Oh, the things you learn when you call your parents to quiz them for information about your blog topic. An hour later and I now know the following.


It turns out that we’re fairly sure our D last name is Welsh. Bohemian was just one of the theories bandied about. The original D namesake, John, son of Henry and Elizabeth, was English and lived from 1728 to 1808. But that’s not the interesting part. He didn’t just “travel” to America from England. No. Young Master John, it seems, was kidnaped at age fourteen from a wharf in England to work as a ship’s helper on a vessel that was sailing for the New World.

“You mean as a ‘swab’?” I asked.

“Well, you could dress it up a little more than that,” replied my mother.

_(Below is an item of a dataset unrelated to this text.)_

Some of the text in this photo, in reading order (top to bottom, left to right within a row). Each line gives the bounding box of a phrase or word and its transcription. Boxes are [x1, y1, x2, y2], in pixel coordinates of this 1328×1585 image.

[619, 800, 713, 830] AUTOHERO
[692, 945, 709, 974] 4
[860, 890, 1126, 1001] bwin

The ship landed in Edgecombe County, North Carolina, where John met a girl and proceeded to father fourteen children. In 1804, they migrated to Belmont County, Ohio. I grew up in Hardin County, Ohio. I had no idea about the details of this part of family history. My Grandpa D was born in 1907, so figuring 30 years per generation, John was my great, great, great, great, great, great grandfather. Not a close enough relative to get me a British passport.

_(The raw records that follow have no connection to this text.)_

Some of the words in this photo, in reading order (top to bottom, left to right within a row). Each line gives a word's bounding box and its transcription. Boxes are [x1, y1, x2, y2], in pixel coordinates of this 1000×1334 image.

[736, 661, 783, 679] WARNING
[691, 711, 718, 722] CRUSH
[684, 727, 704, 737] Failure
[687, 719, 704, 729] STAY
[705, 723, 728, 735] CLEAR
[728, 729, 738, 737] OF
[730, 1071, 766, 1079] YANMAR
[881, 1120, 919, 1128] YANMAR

My Grandpa D’s parents were D and Emery. My Grandma D’s were Zimmerman and something else German which I didn’t note quickly enough to pass on here. As I mentioned in the tale of my cuckoo clock, my mom’s side of the family is exclusively German. But yay, I have more English in me than I’ve been under the impression all these years. Instead of one-sixteen Scotch-Irish, I am one-eighth so. But still not enough to get me a British passport.

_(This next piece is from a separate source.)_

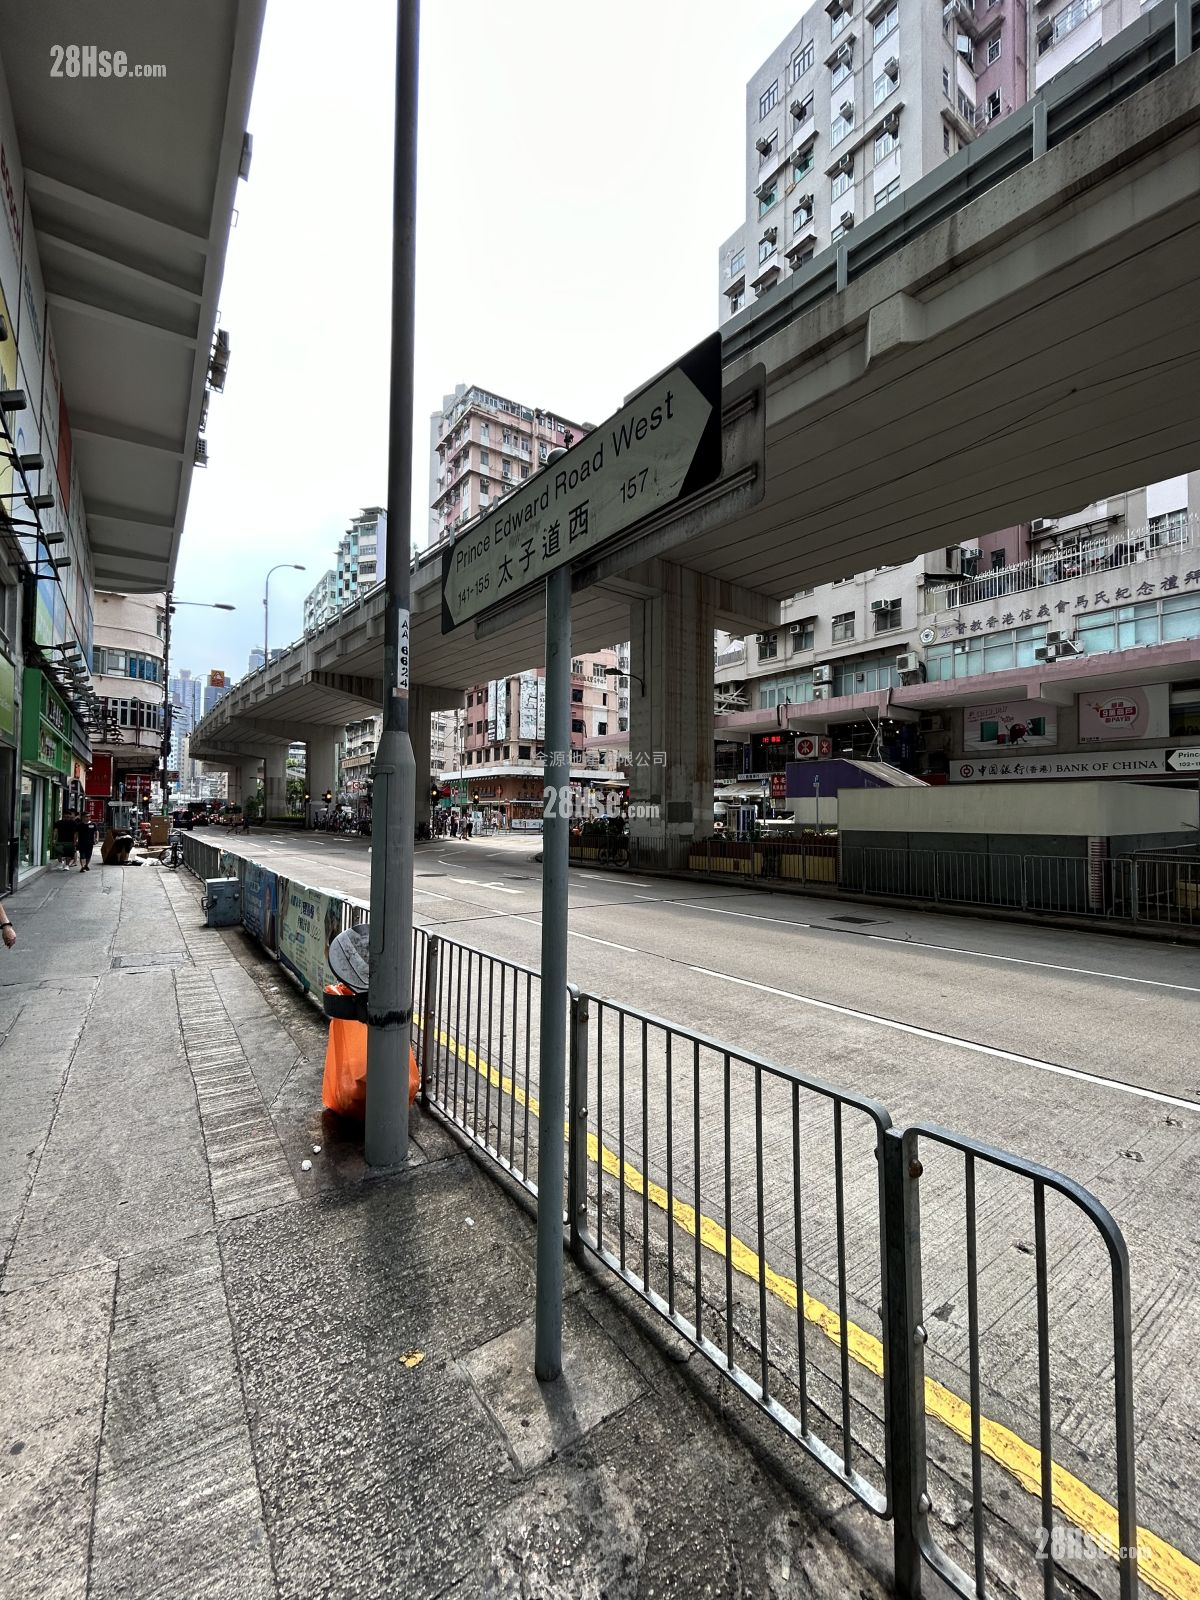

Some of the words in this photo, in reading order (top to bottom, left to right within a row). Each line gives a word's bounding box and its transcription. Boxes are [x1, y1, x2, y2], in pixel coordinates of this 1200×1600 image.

After I had all the D facts straightened out, I went back to my name. I asked my mom if she really liked Pogo that much or if it just makes a good story to say that they named me after Walt Kelly. She said, “Oh no, I was a big fan when I was younger! I wanted to name you Kelly, so your dad chose your middle name.” The boy name would have been Bruce Allen, my dad’s middle name and my maternal grandfather’s name.

I’m just glad they didn’t name me Pogo. 

Well, someone had to say it, it might as well be me.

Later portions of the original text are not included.